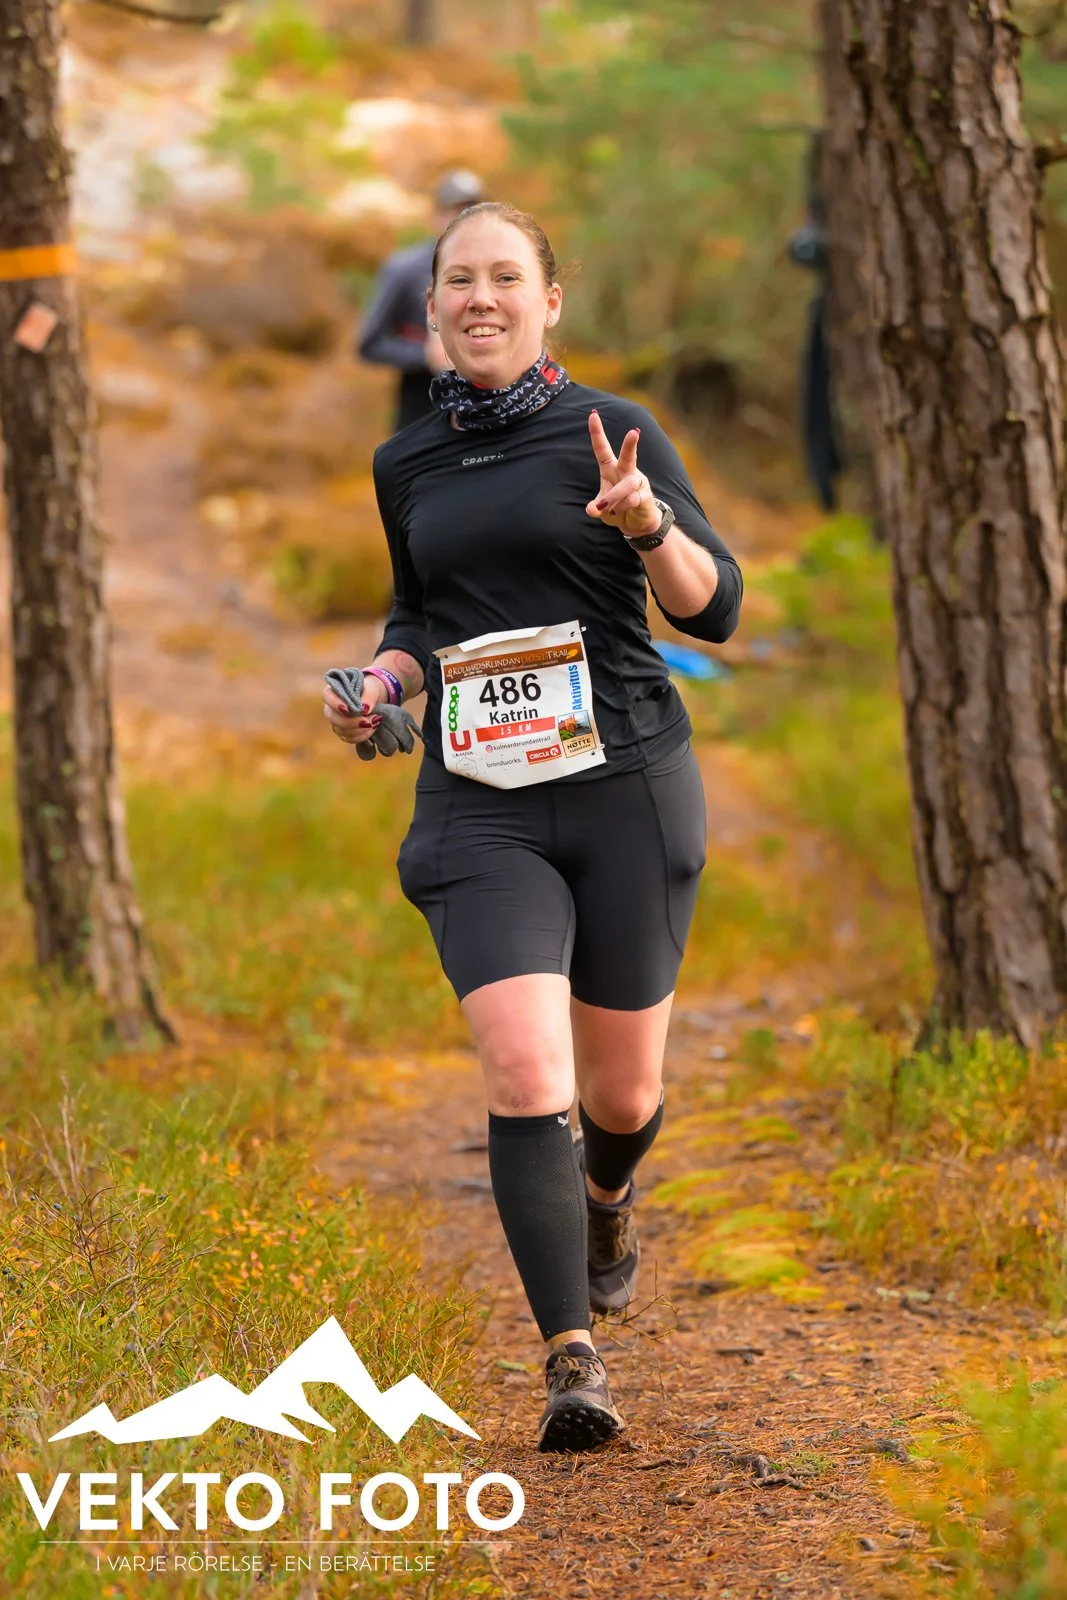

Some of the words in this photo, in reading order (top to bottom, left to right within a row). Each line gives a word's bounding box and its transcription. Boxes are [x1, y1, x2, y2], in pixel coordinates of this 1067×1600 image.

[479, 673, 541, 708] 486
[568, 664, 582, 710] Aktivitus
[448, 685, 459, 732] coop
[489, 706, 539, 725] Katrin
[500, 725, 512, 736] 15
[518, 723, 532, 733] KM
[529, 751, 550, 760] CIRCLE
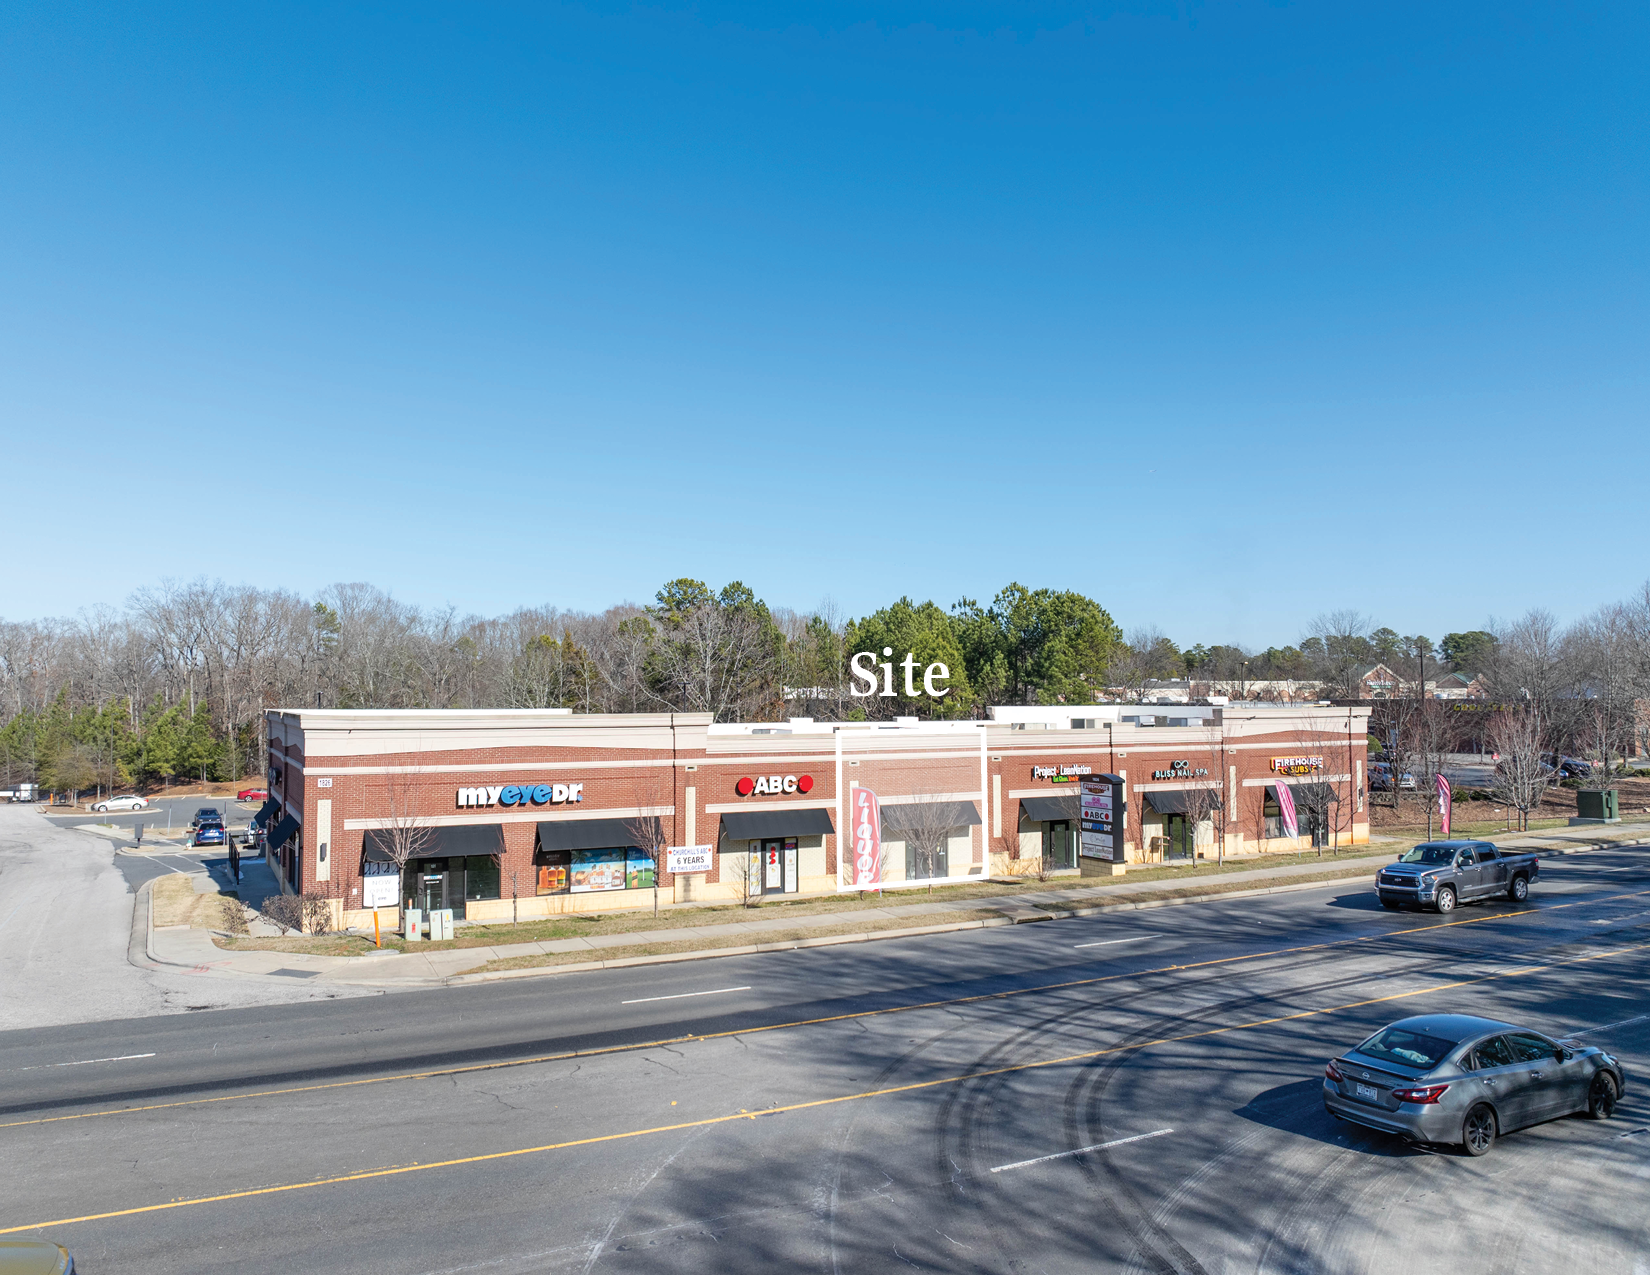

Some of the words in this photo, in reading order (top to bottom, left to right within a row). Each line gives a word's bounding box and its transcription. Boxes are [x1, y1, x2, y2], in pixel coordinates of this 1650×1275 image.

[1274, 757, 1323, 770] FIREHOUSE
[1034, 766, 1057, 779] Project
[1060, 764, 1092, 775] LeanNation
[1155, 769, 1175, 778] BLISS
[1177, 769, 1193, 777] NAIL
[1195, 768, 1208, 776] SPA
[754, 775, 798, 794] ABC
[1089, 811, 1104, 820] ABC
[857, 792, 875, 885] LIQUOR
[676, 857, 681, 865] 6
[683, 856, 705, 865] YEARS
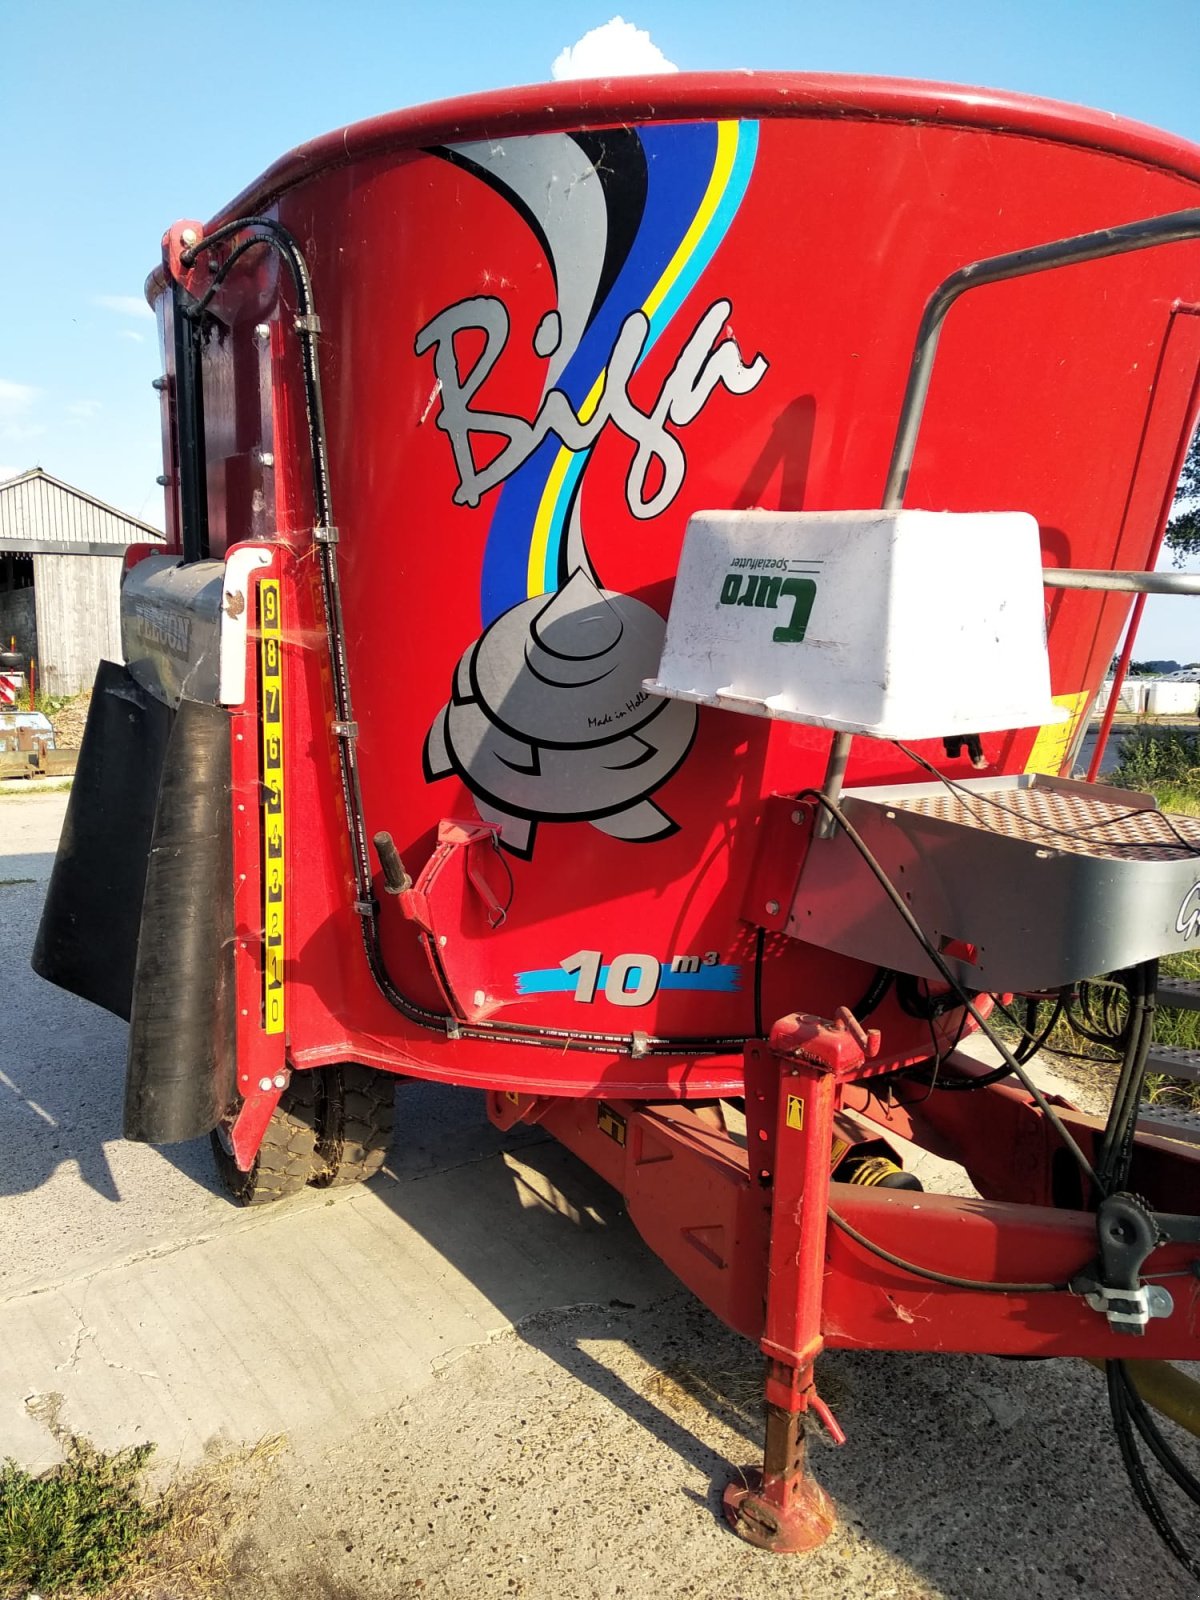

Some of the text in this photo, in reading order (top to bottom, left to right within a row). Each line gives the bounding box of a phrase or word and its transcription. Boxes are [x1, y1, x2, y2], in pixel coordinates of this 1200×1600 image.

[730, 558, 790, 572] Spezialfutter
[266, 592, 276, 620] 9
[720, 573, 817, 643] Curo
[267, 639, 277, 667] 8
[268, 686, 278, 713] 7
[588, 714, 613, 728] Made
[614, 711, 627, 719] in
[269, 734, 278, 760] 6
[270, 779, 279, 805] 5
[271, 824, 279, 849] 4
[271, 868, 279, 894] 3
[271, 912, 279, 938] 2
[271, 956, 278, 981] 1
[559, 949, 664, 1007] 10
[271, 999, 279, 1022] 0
===============
__WORK TASK__. Output all of the data word for word, excluding any pictures.

__SOLUTION FOR THIS PROBLEM__.
Some of the words in this photo, in reading order (top to bottom, left to right within a row). Each line gives a word's bounding box and its transcription. Boxes are [x1, y1, x2, y2], in pixel coordinates of this 1067×1600 image.

[479, 673, 541, 708] 486
[568, 664, 582, 710] Aktivitus
[448, 685, 459, 732] coop
[489, 706, 539, 725] Katrin
[500, 725, 512, 736] 15
[518, 723, 532, 733] KM
[529, 751, 550, 760] CIRCLE

Some of the words in this photo, in reading order (top to bottom, left to right within a row). Each line gives a word's bounding box and its transcription. Boxes are [x1, y1, x2, y2], in pixel coordinates of this 1650×1275 image.

[1274, 757, 1323, 770] FIREHOUSE
[1034, 766, 1057, 779] Project
[1060, 764, 1092, 775] LeanNation
[1155, 769, 1175, 778] BLISS
[1177, 769, 1193, 777] NAIL
[1195, 768, 1208, 776] SPA
[754, 775, 798, 794] ABC
[1089, 811, 1104, 820] ABC
[857, 792, 875, 885] LIQUOR
[676, 857, 681, 865] 6
[683, 856, 705, 865] YEARS

Some of the text in this photo, in reading order (top to bottom, left to right within a row). Each line gives the bounding box of a phrase or word and its transcription. Boxes are [x1, y1, x2, y2], in pixel coordinates of this 1200×1600 image.

[730, 558, 790, 572] Spezialfutter
[266, 592, 276, 620] 9
[720, 573, 817, 643] Curo
[267, 639, 277, 667] 8
[268, 686, 278, 713] 7
[588, 714, 613, 728] Made
[614, 711, 627, 719] in
[269, 734, 278, 760] 6
[270, 779, 279, 805] 5
[271, 824, 279, 849] 4
[271, 868, 279, 894] 3
[271, 912, 279, 938] 2
[271, 956, 278, 981] 1
[559, 949, 664, 1007] 10
[271, 999, 279, 1022] 0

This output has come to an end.